*** Opening of DATA ***
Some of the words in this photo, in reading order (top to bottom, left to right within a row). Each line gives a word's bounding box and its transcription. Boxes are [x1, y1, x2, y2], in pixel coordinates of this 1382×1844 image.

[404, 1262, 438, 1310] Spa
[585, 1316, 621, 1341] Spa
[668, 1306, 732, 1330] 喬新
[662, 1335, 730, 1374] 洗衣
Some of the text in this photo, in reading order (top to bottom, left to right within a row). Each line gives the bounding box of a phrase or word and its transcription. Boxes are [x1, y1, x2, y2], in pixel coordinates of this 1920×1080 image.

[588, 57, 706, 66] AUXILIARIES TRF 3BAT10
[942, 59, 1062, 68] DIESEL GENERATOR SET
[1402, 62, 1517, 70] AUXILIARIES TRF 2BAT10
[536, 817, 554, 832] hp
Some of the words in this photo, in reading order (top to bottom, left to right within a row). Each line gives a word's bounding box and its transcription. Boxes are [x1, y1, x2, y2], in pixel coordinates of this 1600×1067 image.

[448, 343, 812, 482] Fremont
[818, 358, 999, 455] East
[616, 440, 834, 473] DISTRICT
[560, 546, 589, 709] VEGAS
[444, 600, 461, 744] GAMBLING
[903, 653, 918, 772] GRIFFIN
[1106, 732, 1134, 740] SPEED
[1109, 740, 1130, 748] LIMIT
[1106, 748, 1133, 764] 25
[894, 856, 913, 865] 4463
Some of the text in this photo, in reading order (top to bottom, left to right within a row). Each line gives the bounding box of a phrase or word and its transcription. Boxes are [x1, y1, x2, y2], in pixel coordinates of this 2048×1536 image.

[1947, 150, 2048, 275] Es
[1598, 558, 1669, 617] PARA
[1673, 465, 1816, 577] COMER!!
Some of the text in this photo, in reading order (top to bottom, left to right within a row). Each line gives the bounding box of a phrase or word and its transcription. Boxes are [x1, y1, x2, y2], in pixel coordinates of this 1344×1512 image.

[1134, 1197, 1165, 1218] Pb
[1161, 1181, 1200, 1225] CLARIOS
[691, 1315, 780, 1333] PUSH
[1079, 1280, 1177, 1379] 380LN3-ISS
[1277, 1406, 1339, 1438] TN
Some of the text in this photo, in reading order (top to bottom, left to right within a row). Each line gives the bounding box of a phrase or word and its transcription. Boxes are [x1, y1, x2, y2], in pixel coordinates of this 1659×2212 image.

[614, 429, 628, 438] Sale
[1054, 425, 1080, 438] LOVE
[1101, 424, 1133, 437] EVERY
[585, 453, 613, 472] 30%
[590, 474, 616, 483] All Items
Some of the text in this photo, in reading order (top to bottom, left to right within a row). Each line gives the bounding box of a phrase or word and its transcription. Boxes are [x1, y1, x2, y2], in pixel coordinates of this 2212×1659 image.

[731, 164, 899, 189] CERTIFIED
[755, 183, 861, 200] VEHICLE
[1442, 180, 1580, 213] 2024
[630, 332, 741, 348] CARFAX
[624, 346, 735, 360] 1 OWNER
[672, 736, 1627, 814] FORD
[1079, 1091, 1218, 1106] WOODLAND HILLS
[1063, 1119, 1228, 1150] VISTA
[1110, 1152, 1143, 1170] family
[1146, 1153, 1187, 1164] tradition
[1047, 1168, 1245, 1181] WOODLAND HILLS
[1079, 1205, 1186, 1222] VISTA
*** Close of DATA ***
**ASSIGNMENT:** Your answer must consist solely of the lines from the one containing "this 1659×2212 image." through the last line of the entries, reproduced exactly.

**OUTPUT FOR THIS TASK:**
Some of the text in this photo, in reading order (top to bottom, left to right within a row). Each line gives the bounding box of a phrase or word and its transcription. Boxes are [x1, y1, x2, y2], in pixel coordinates of this 1659×2212 image.

[614, 429, 628, 438] Sale
[1054, 425, 1080, 438] LOVE
[1101, 424, 1133, 437] EVERY
[585, 453, 613, 472] 30%
[590, 474, 616, 483] All Items
Some of the text in this photo, in reading order (top to bottom, left to right within a row). Each line gives the bounding box of a phrase or word and its transcription. Boxes are [x1, y1, x2, y2], in pixel coordinates of this 2212×1659 image.

[731, 164, 899, 189] CERTIFIED
[755, 183, 861, 200] VEHICLE
[1442, 180, 1580, 213] 2024
[630, 332, 741, 348] CARFAX
[624, 346, 735, 360] 1 OWNER
[672, 736, 1627, 814] FORD
[1079, 1091, 1218, 1106] WOODLAND HILLS
[1063, 1119, 1228, 1150] VISTA
[1110, 1152, 1143, 1170] family
[1146, 1153, 1187, 1164] tradition
[1047, 1168, 1245, 1181] WOODLAND HILLS
[1079, 1205, 1186, 1222] VISTA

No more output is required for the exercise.